MV: Eh, mesela Lewis Hamilton veya Nico Rosberg’den daha fazla risk almam lazım. Sahip olduğumuz paketle, ki Mercedes’inki kadar rekabetçi değil, her zaman %110’la yarışmak zorundasınız. %100 yetmez, yani tabii ki işin içine daha fazla risk giriyor.
S: Şu anda, Pazar günü dördüncü sıraya yerleşme fırsatıyla, Sebastian Vettel’in 5 puan arkasında sürücüler klasmanında dördüncüsün. Bunun için bastıracak mısın?
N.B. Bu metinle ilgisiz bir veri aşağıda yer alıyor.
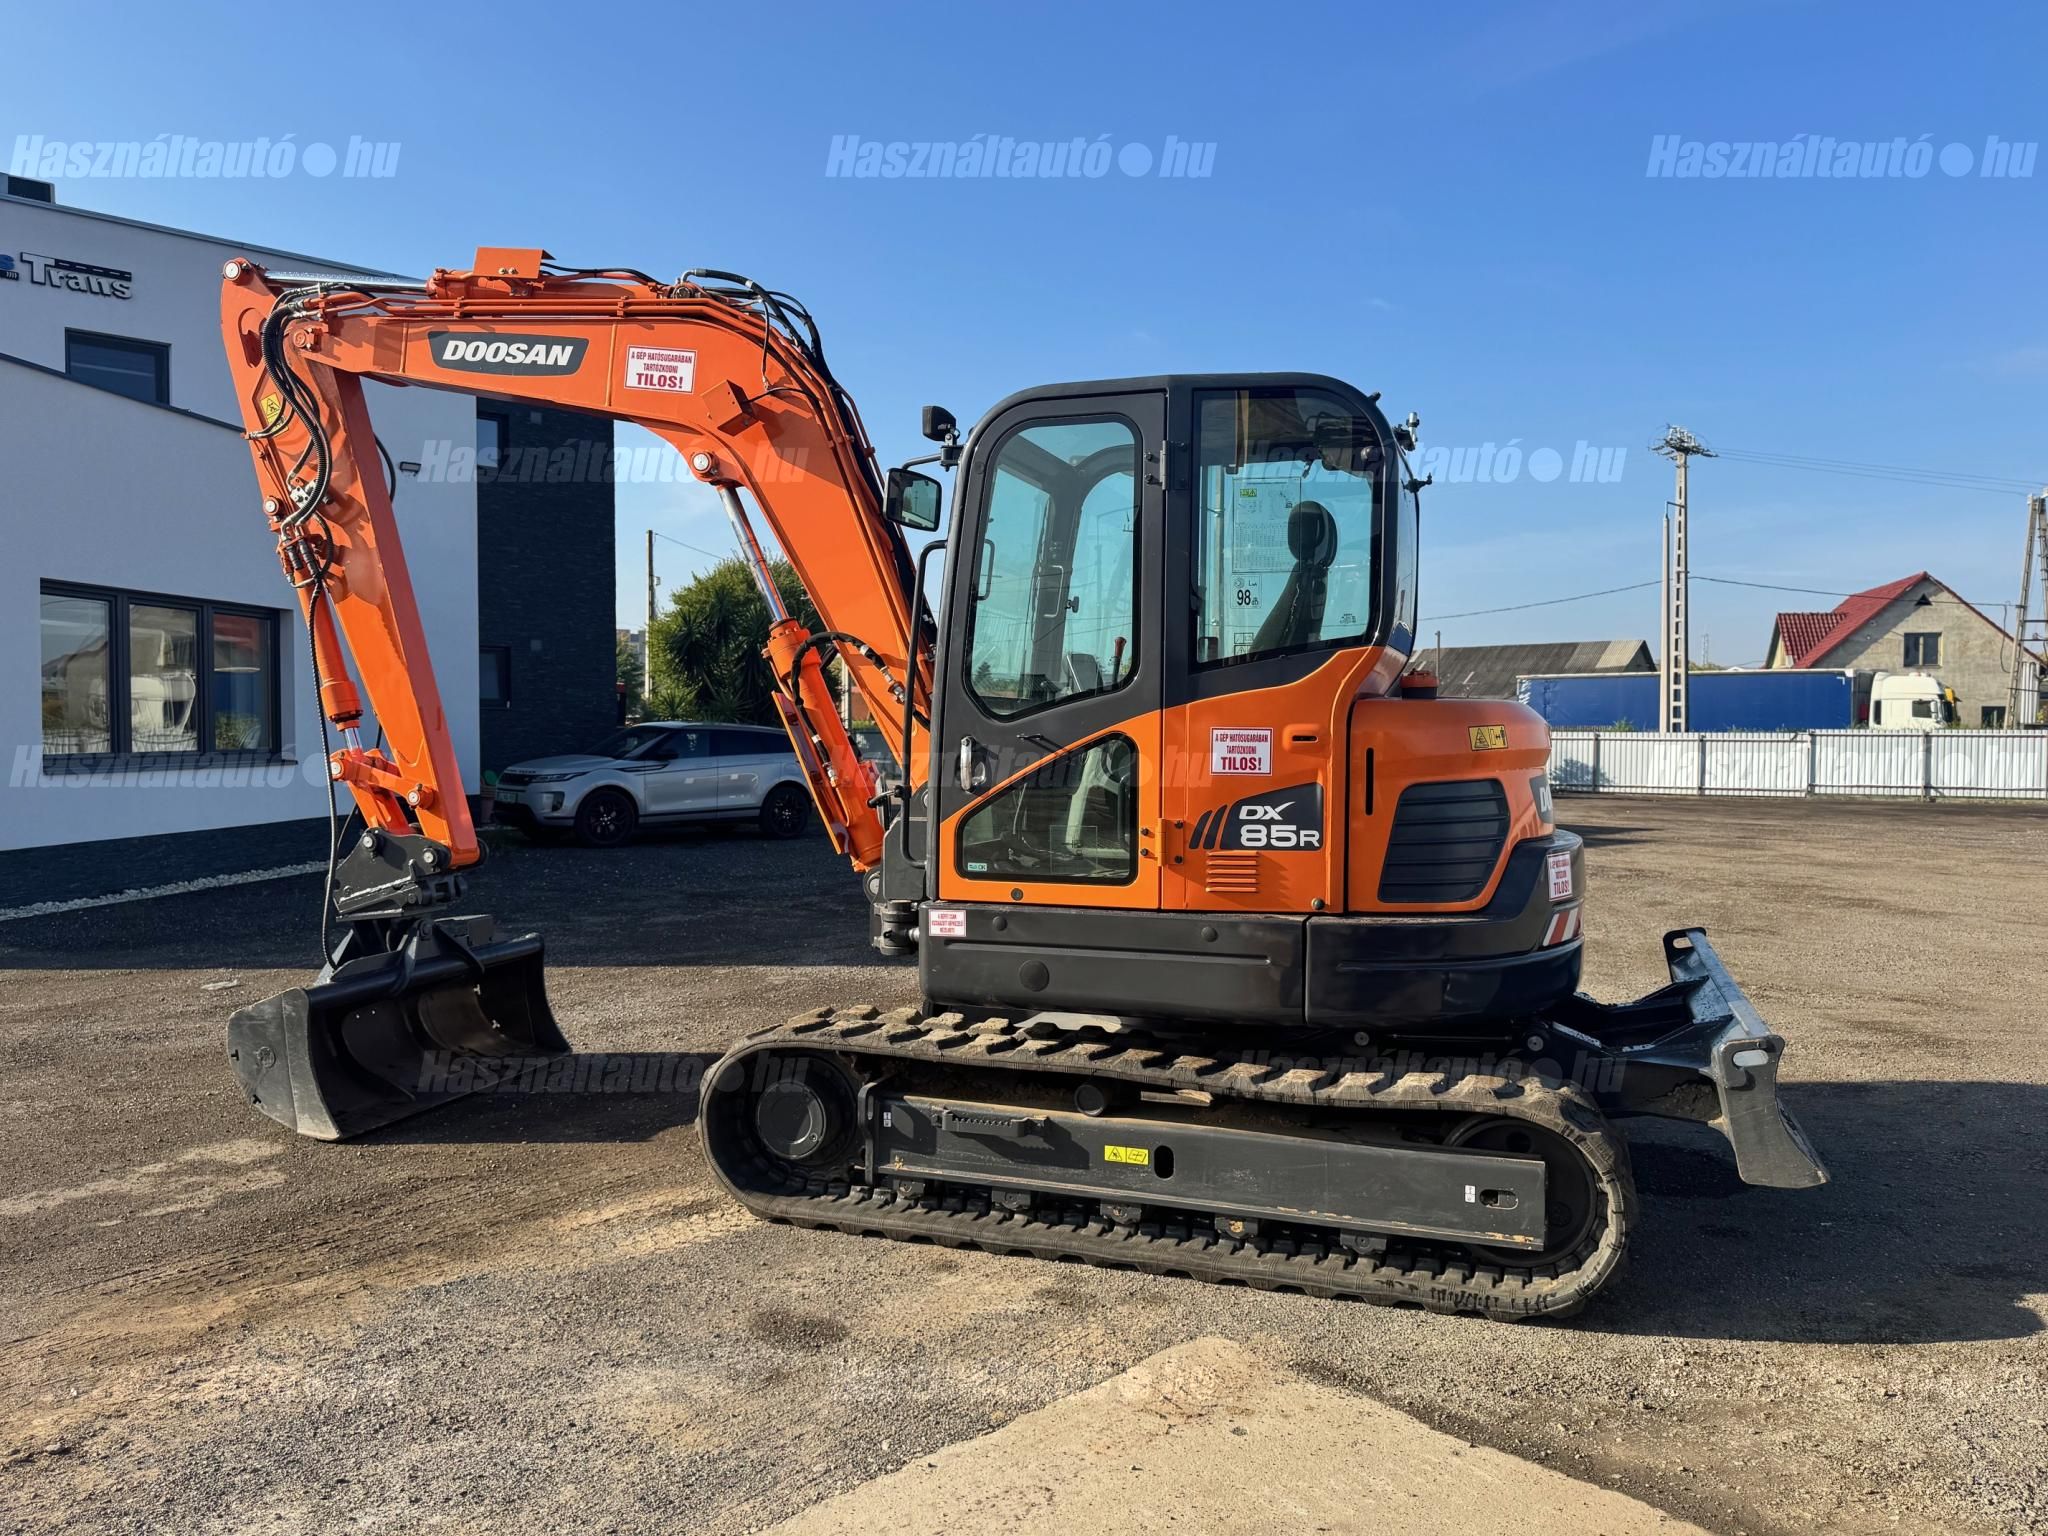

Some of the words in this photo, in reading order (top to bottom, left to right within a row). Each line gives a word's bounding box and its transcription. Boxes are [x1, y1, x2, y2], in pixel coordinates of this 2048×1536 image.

MV: Hoş olurdu. Fakat tabii ki hedef değil. Bu bir bonus olurdu. Fakat şampiyonluk, hedef bu olmalı.
S: Her sürücü sorulduğunda bir gün dünya şampiyonu olmak istediğini söyler ve genellikle bu gerçeklikten uzaktır. Seninle birlikte bu doğal bir şey gibi görünüyor. Ne zaman ilk denemeni yapabileceksin? 2017’de mi?
MV: Eğer paket iyiyse, evet! Helmut paketin fantastik olacağını belirtmişti. Yani evet, bunun için hazırım. Formula 1’e girmeden zaten hazırdım! (Gülüyor)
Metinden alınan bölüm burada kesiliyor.